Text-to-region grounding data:

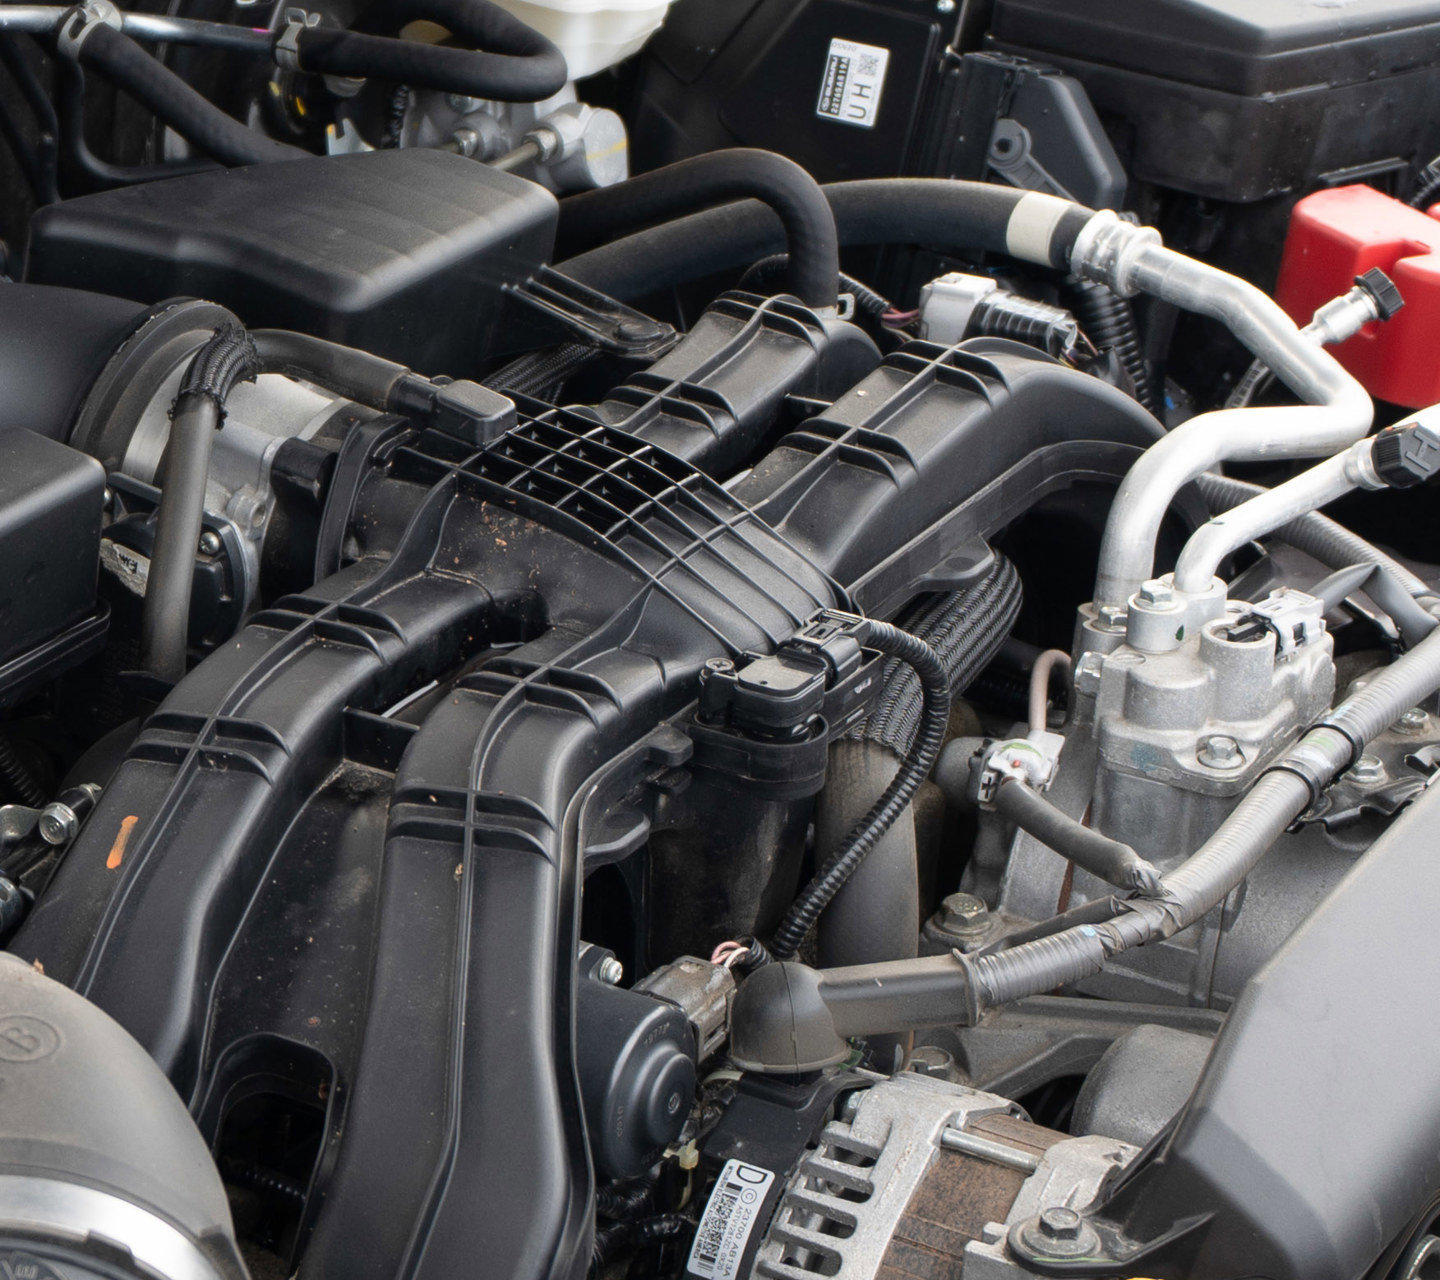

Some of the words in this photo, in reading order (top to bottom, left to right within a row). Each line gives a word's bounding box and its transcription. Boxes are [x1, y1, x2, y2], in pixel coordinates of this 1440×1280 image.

[1404, 429, 1440, 472] H
[734, 1164, 767, 1186] D
[735, 1207, 752, 1240] 23700
[692, 1237, 703, 1259] AMERICA
[722, 1241, 739, 1278] AB13A

What to do:
Leaving out any pictures, write the records above out exactly as they are.

Result below:
Some of the words in this photo, in reading order (top to bottom, left to right within a row). Each line gives a word's bounding box and its transcription. Boxes are [x1, y1, x2, y2], in pixel coordinates of this 1440×1280 image.

[1404, 429, 1440, 472] H
[734, 1164, 767, 1186] D
[735, 1207, 752, 1240] 23700
[692, 1237, 703, 1259] AMERICA
[722, 1241, 739, 1278] AB13A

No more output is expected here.